Goal of the exercise:
Your output should reproduce each entry exactly, with none of its pictures.

Records to process:
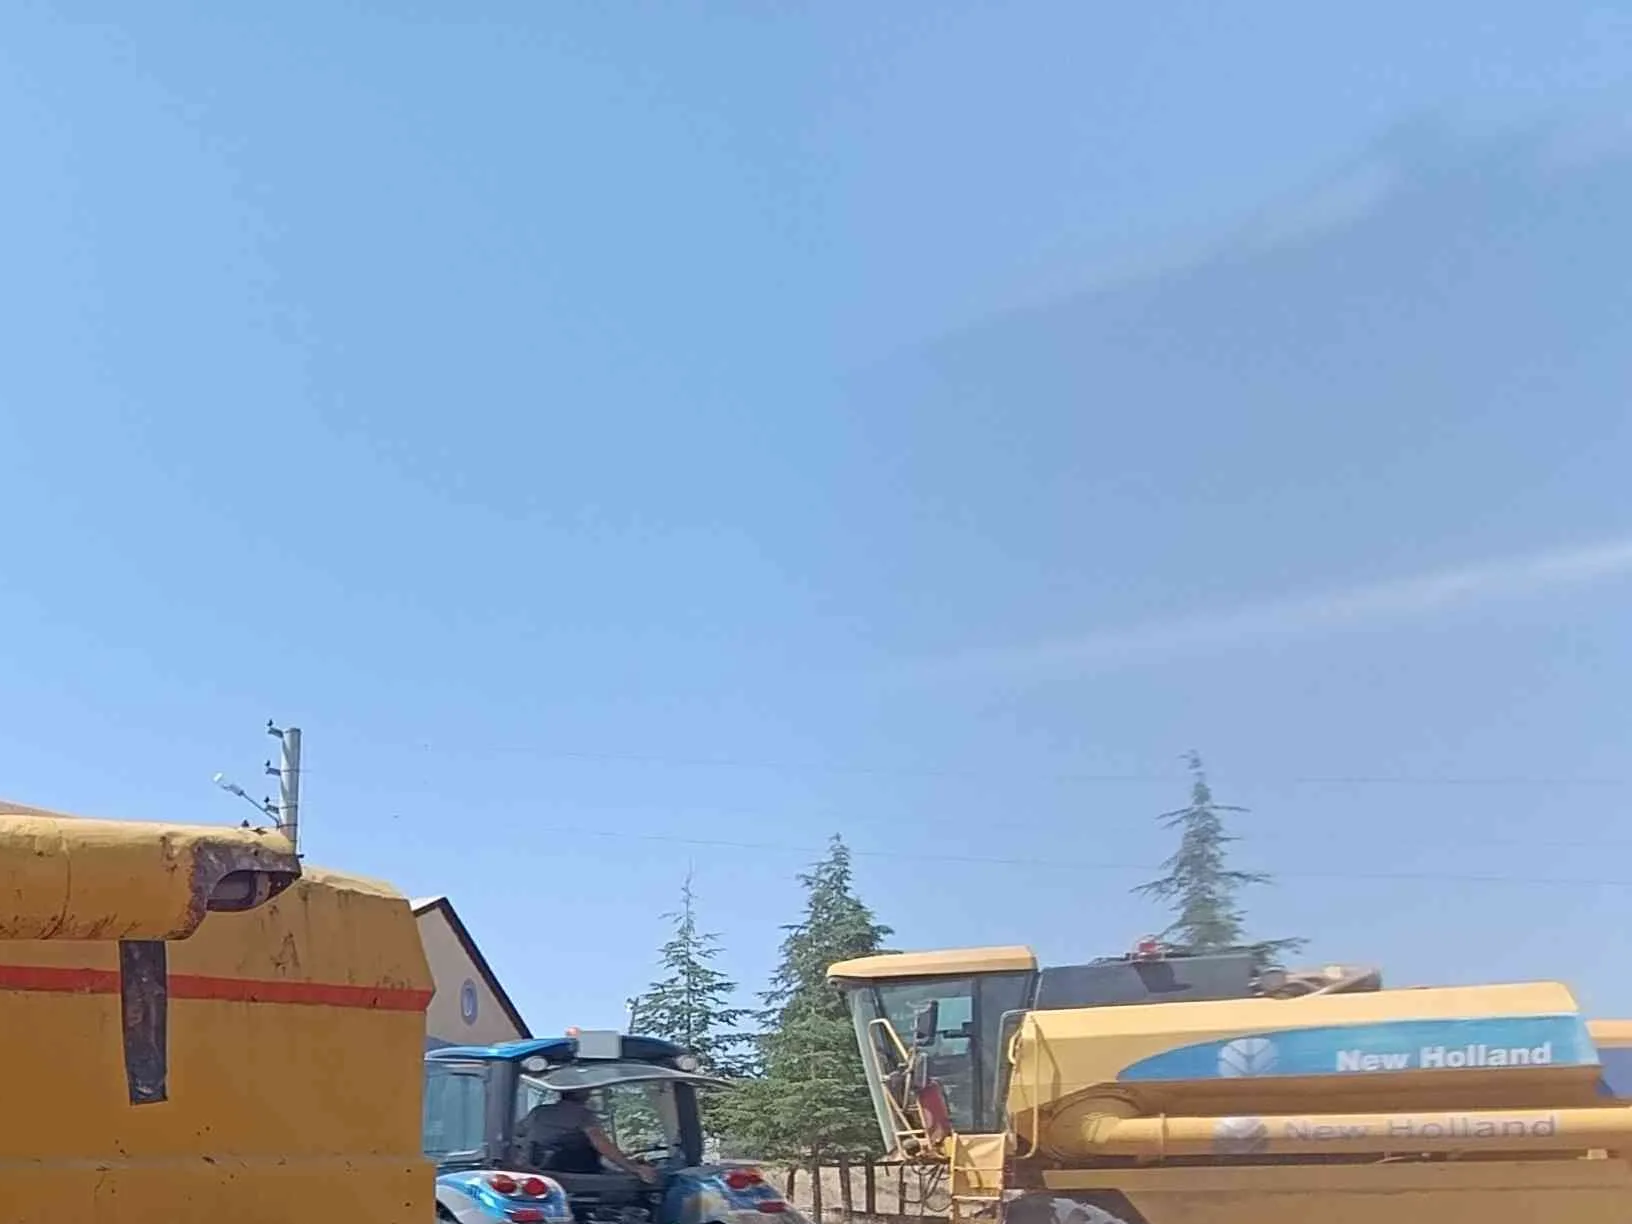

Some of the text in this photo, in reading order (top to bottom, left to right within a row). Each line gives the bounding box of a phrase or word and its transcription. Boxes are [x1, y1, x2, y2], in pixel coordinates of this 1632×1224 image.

[1336, 1042, 1552, 1072] New Holland
[1285, 1115, 1556, 1142] New Holland
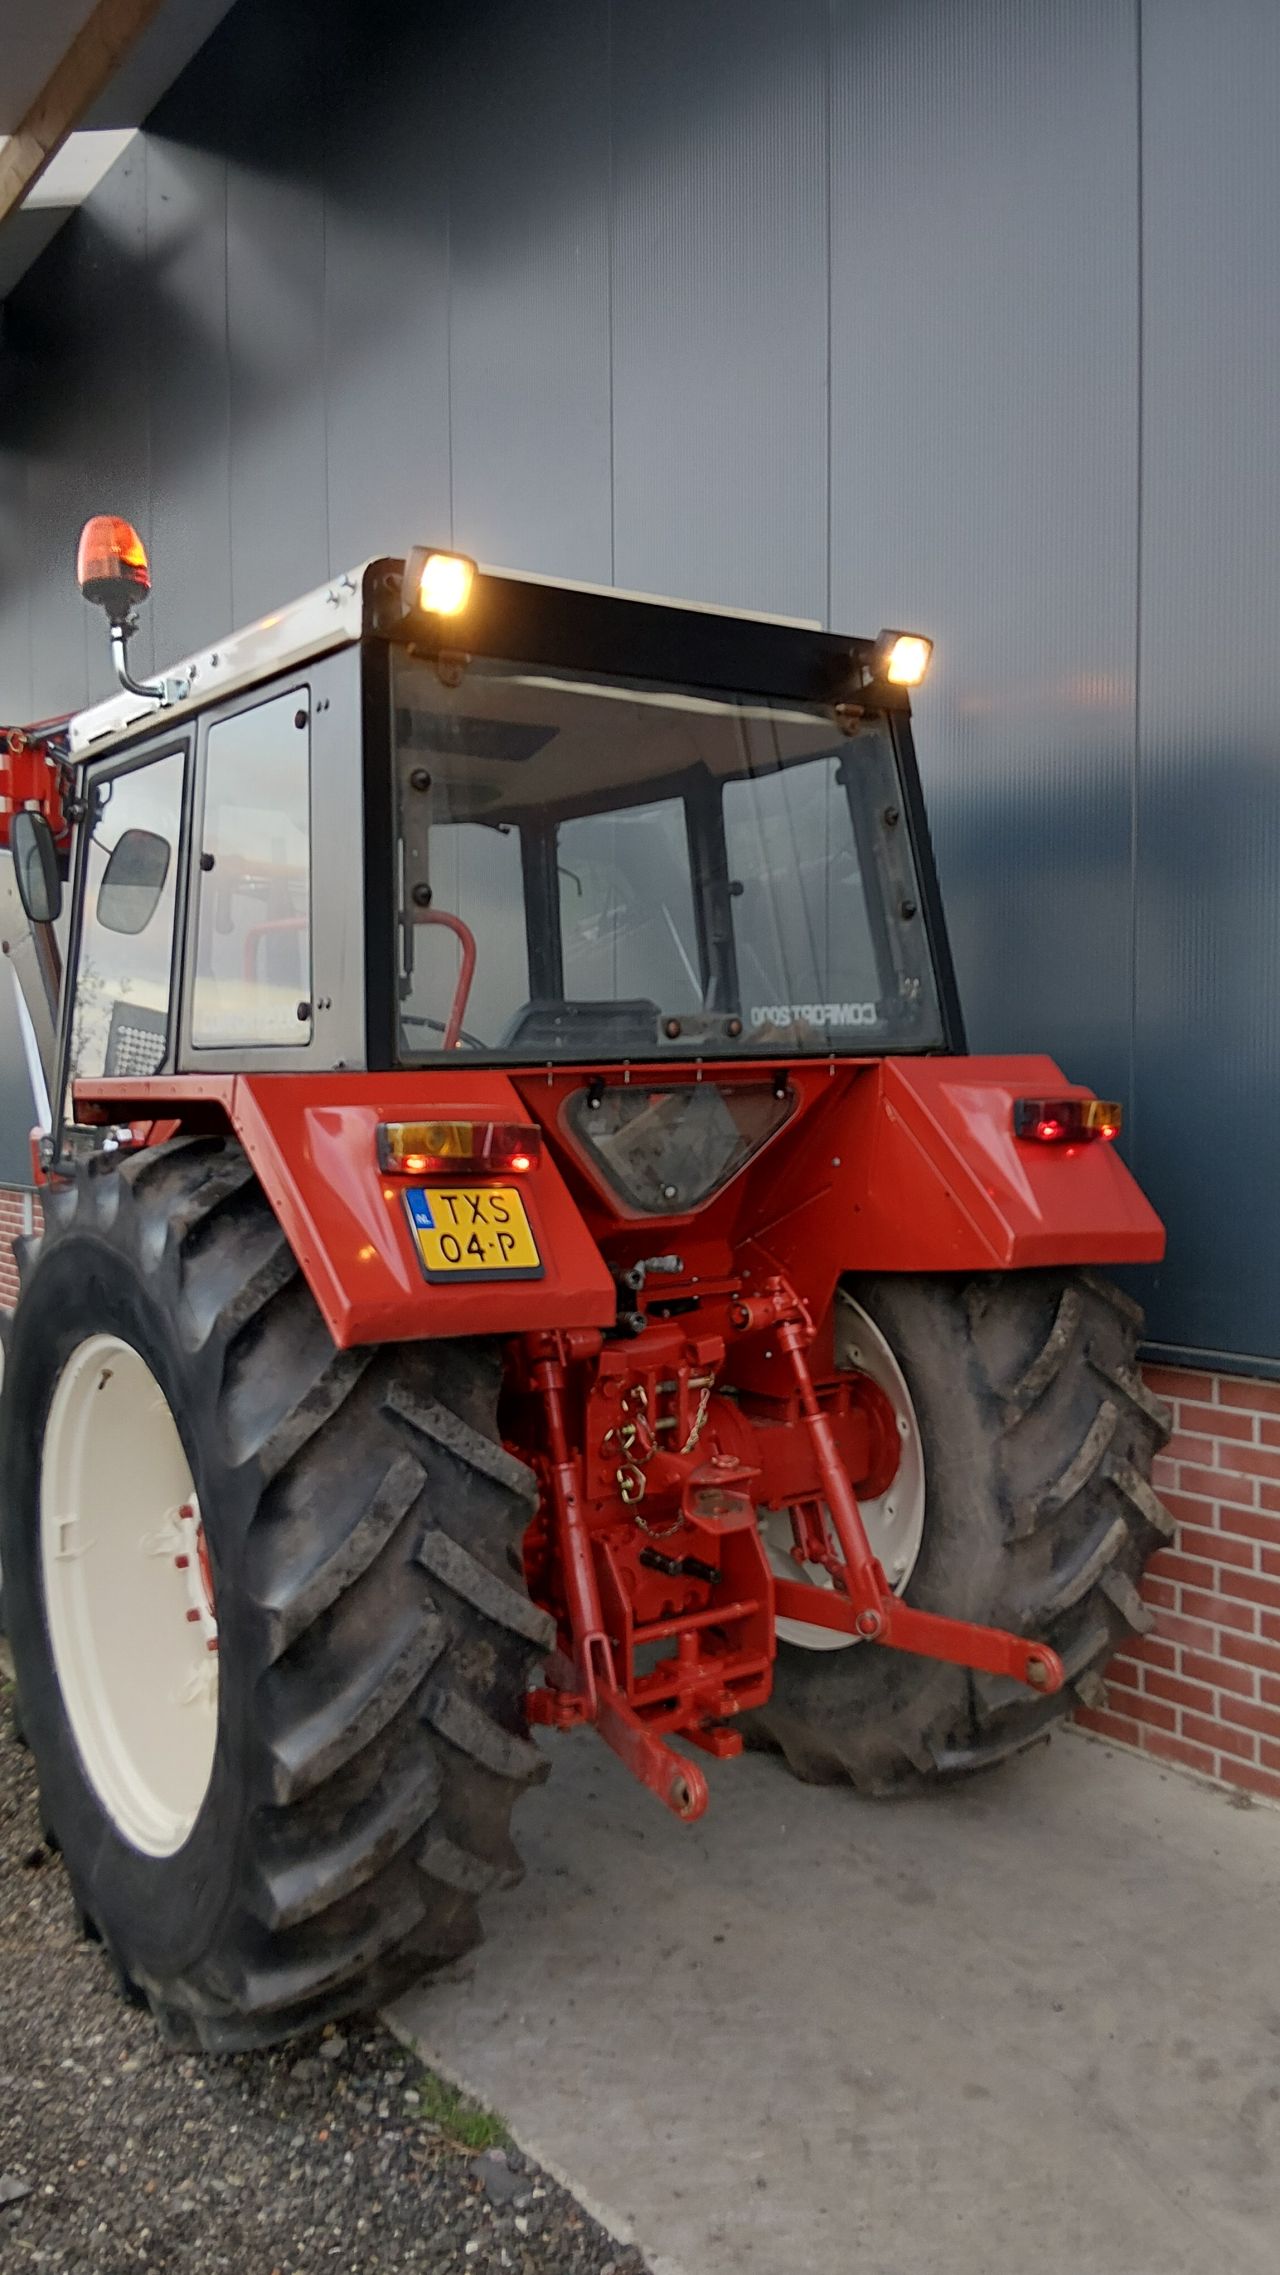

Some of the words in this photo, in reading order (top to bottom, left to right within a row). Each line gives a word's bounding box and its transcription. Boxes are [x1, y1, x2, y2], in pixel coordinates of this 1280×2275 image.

[415, 1213, 431, 1225] NL
[440, 1194, 510, 1225] TXS
[440, 1232, 515, 1263] 04-P

Solved problem:
Some of the text in this photo, in reading order (top to bottom, left to right within a row). Each line gives the bounding box of a phrase or word and its transcription. Boxes are [x1, y1, x2, y2], in pixel coordinates of this 1632×1224 image.

[1336, 1042, 1552, 1072] New Holland
[1285, 1115, 1556, 1142] New Holland

Some of the words in this photo, in reading order (top to bottom, left to right within a row). Each line gives a word's bounding box and its transcription. Boxes are [x1, y1, x2, y2], in pixel coordinates of this 1280×2275 image.

[415, 1213, 431, 1225] NL
[440, 1194, 510, 1225] TXS
[440, 1232, 515, 1263] 04-P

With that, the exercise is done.